Best budget podcasting microphones: our top picks
When you’re looking at budget podcast mics, the first name that comes to mind is the Rode Podcaster. The clue is in the name. As it’s designed specifically for podcasting, you can record with confidence knowing that it will make your voice sound rich and smooth. Special mention also must go to the Shure MV7 which, despite sitting at the top-end of what you’d call budget-priced, has enough functionality and quality to make it easy to recommend.

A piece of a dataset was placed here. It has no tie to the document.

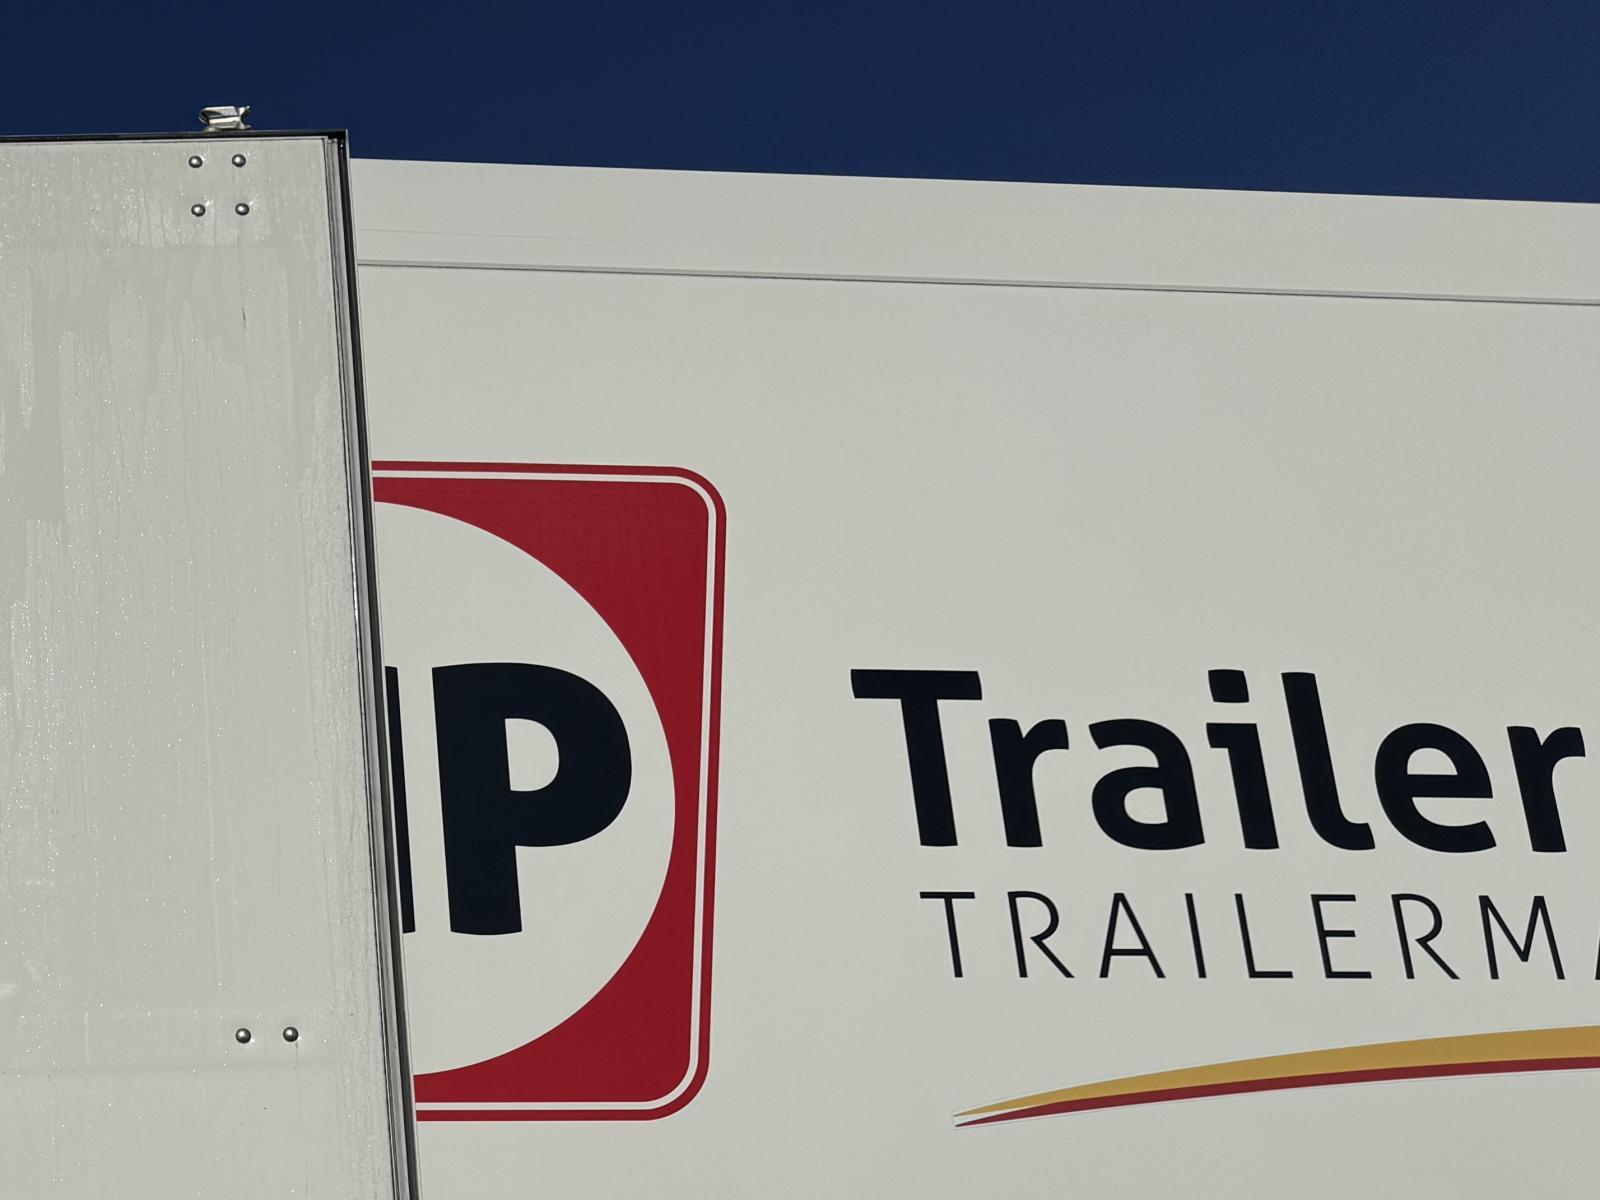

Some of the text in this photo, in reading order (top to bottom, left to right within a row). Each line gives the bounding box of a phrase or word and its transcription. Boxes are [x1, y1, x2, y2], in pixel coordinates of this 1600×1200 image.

[385, 662, 633, 936] P
[851, 669, 1585, 853] Trailer
[920, 890, 1600, 980] TRAILERM

Best budget podcasting microphones: Product guide
As a dedicated podcasting microphone, it’s safe to assume the Rode Podcaster will do a tremendous job of elevating your voice and giving it that professional sheen. The Podcaster features USB connectivity, meaning you don’t require a separate audio interface or mixer, making it ideal for anyone starting out. Simply plug it into your laptop and away you go.
We love the chunky build quality, which adds a degree of confidence that it won’t break easily, although this extra heft means it does require a suitably sturdy tripod or boom arm. All in all, one of the best budget podcasting microphones there is.

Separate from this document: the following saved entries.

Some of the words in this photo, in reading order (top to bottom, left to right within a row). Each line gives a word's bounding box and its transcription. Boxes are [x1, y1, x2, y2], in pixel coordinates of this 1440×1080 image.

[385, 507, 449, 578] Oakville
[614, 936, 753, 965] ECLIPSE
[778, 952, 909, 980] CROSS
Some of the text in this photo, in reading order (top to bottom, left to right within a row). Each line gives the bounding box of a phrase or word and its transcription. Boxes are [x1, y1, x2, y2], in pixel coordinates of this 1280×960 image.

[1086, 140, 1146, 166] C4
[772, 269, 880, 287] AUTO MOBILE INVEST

Read our full Rode Podcaster review
One of the first things people associate with USB microphones, the Blue Yeti is still going strong over a decade after it first launched. Now, the range includes a few different variations, but the OG model is still the first option we’d look at.

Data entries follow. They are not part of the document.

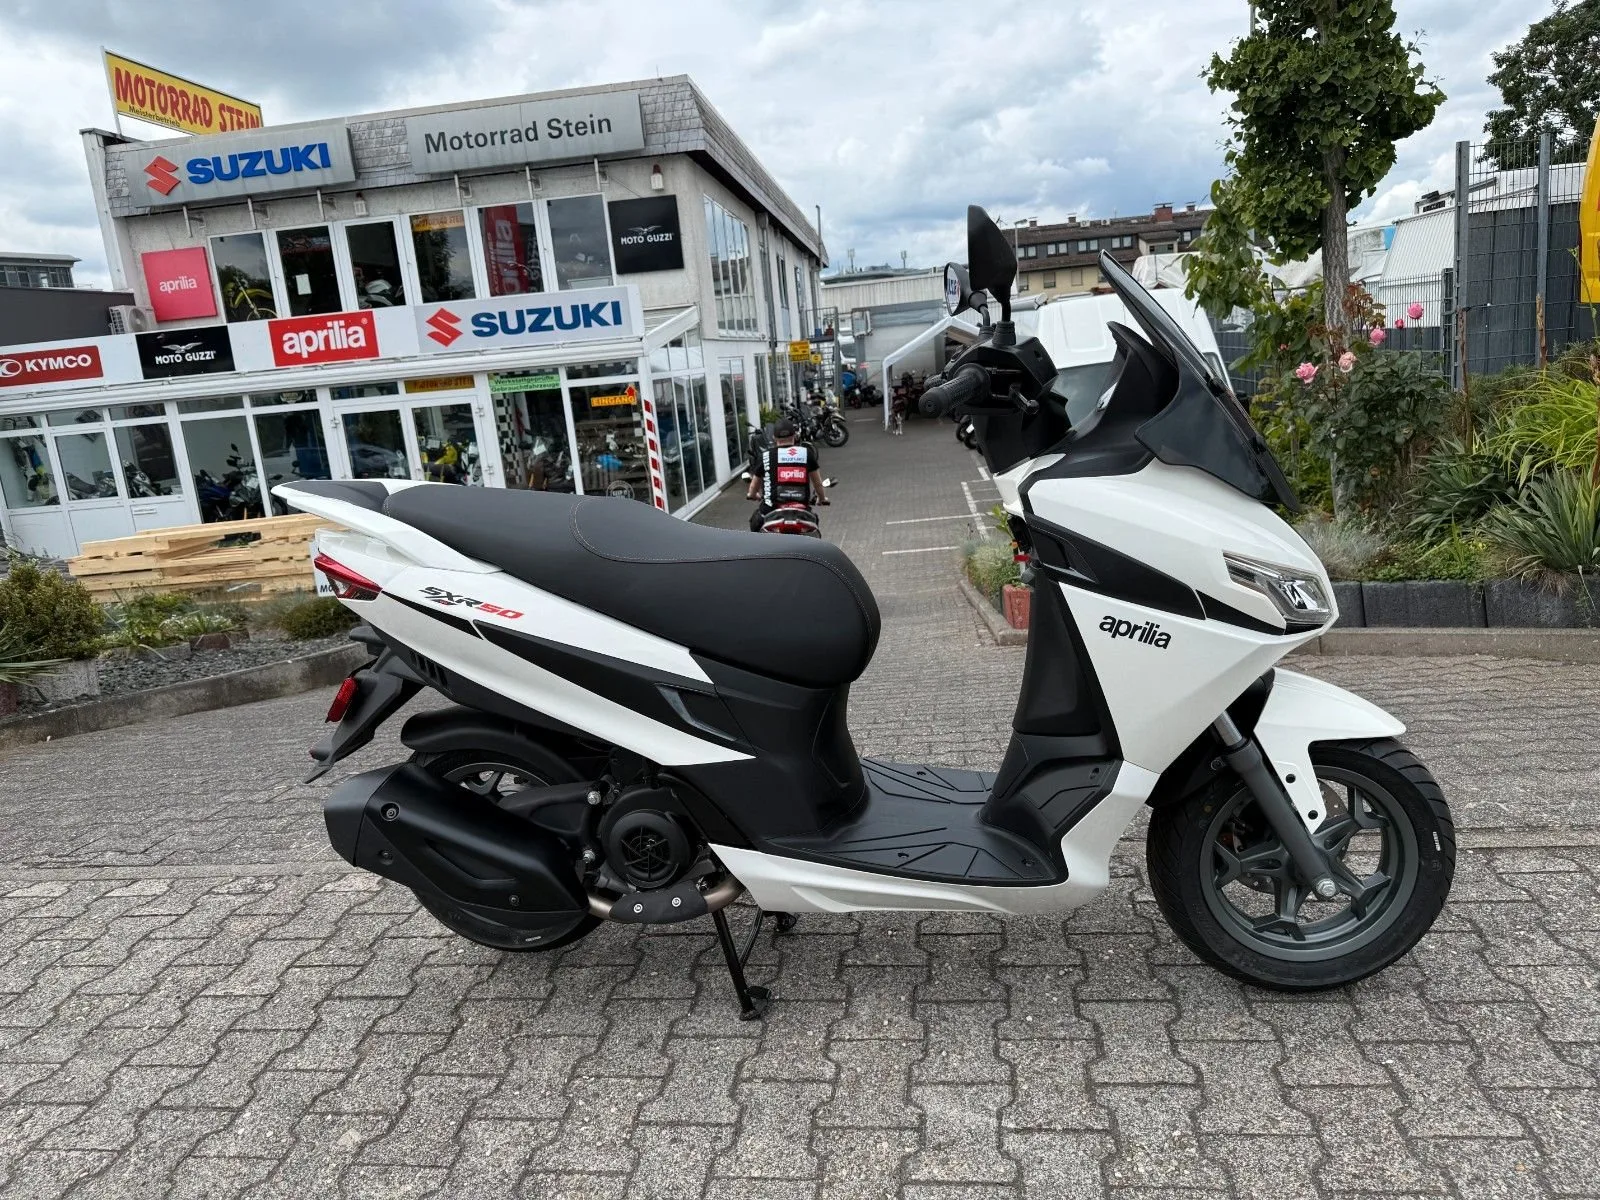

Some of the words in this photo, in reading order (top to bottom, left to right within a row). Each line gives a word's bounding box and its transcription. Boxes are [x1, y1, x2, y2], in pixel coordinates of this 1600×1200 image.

[114, 67, 213, 128] MOTORRAD
[218, 103, 260, 132] STEIN
[128, 105, 180, 127] Meisterbetrieb
[425, 121, 538, 153] Motorrad
[547, 114, 612, 140] Stein
[186, 143, 331, 184] SUZUKI
[620, 236, 645, 245] MOTO
[646, 233, 673, 242] GUZZI
[159, 275, 197, 294] aprilia
[471, 301, 622, 337] SUZUKI
[282, 320, 367, 358] aprilia
[25, 354, 92, 372] KYMCO
[155, 354, 183, 365] MOTO
[184, 351, 215, 362] GUZZI
[780, 470, 804, 479] aprilia
[1099, 615, 1171, 649] aprilia

With the Yeti you get switchable pickup patterns, which means you can turn it from a solo voice mic to a table-read tool in an instant. It’s perhaps not the best-looking mic on the market, but in terms of sheer versatility there are few that can match the Yeti.
Read our full Blue Yeti review
Another golden oldie in the USB mic market is the Rode NT-USB. It has all the traits you’d expect from a USB mic, like plug-and-play operation and high quality recordings, and is a superb option for anyone starting their podcasting journey.
Its design has stood the test of time, with a much smaller footprint than its competition, and features like the built-in pop filter are as useful now as they ever have been. If you’re looking to buy a budget podcasting mic that delivers great results with zero fuss or faff, then this could be the mic for you.
Read our full Rode NT-USB review
Designed specifically for podcasting, the AKG Lyra is one of the more visually interesting mics in the list. We like it personally, but can understand it might not be everyone’s choice aesthetically. What we did like, however, is the clear and simple operation. Even small details, like the way the switchable pickup patterns are labelled ‘front’ and ‘wide stereo’ rather than ‘cardioid’ or ‘omnidirectional’, breaking down some of the technical jargon that could put off a casual user.
The Lyra is at home being connected to a smartphone, tablet or computer, and produces some great results with the spoken word. It’s not the most portable, but as a studio mainstay for the beginner it’s ideal.
Read our full AKG Lyra review
Sometimes, it’s good for a podcaster to leave the confines of the studio and record out there in the big wide world. The IK Multimedia iRig Mic HD 2 is the perfect podcasting mic for this kind of situation and requires little more than a smartphone to get the best results. It connects directly to a smartphone or tablet - or a regular computer - and thanks to the bundled apps you can be recording in high quality with just a couple of taps.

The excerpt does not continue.